How can I get treated?


Hepatitis B can be prevented with a vaccine. The CDC recommends that sexually active adults should get an HBV vaccine. If you've had unprotected sex within the last 24 hours, you can still receive the HBV vaccine to prevent infection. However, once you have a confirmed infection, there is no cure although you may recover and clear the infection on your own. People with chronic infections need specialized care. It is also possible for HBV infections to come back after you think they have cleared. This is called HBV reactivation and can be very serious resulting in death.


There is currently no vaccine for hepatitis C. There is also no treatment available for acute infections. However, new therapies are available for treatment of chronic HCV infections. Over 90% of people infected with HCV can be cured with specialized treatment.


What happens if I do not get treated?


Without treatment, HBV infections will probably get better and go away on their own. But, for people who get chronic infections, they may develop serious complications including cirrhosis and liver cancer and may die as a result of the infection. In 2016, 3,218 cases of HBV were reported to the CDC. The same year, 1,698 death certificates listed HBV as a cause of death.

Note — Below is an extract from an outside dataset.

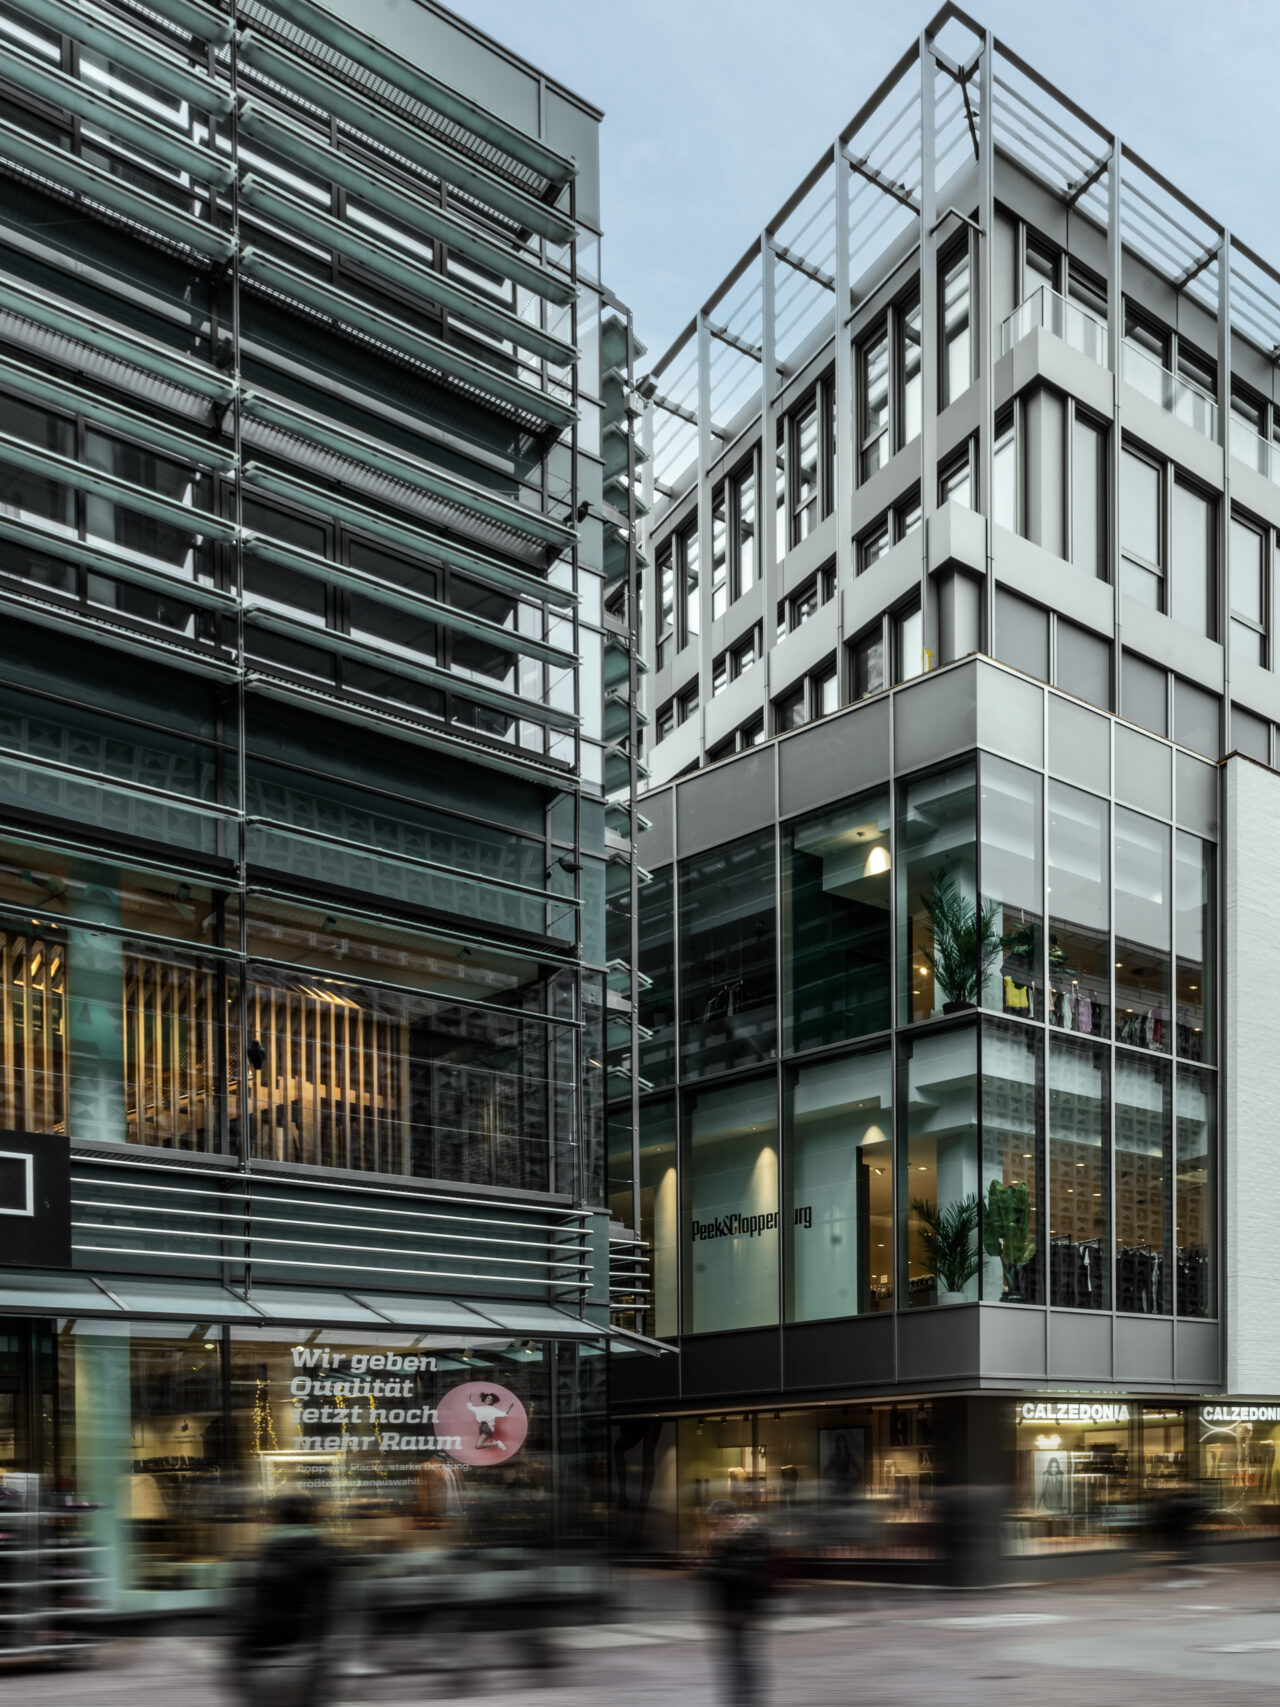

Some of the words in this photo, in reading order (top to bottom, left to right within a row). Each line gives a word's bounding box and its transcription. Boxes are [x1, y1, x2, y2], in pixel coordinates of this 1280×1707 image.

Without treatment, HCV infections may lead to serious complications including cirrhosis and liver cancer and may lead to death. In 2016, 2,967 new cases of HCV were reported to the CDC. The same year, 18,153 death certificates listed HCV infection as a cause of death.


What if I am pregnant?


The CDC recommends that all women get tested for HBV early during every pregnancy. If you tested negative during your last pregnancy, it is important to get tested again during your current pregnancy.


HBV infections during pregnancy should be taken seriously. About 40% of infants born to HBV-infected mothers will develop chronic HBV infections themselves which may lead to early death. It is important for pregnant mothers to be screened for HBV early in their pregnancy. It is also possible to get on a medication which will greatly reduce the risk of spreading HBV from mother to baby. After birth, newborns should also receive specialized treatment for HBV to prevent infection if their mother has tested positive for HBV.


HCV infections during pregnancy may also result in spreading the HCV infection to the baby. There is currently no recommended treatment to prevent the spread of HCV during pregnancy or cure for children under 12. However, it is still important to talk to your doctor about your HCV infection if you are pregnant since your baby may need critical treatment shortly after birth.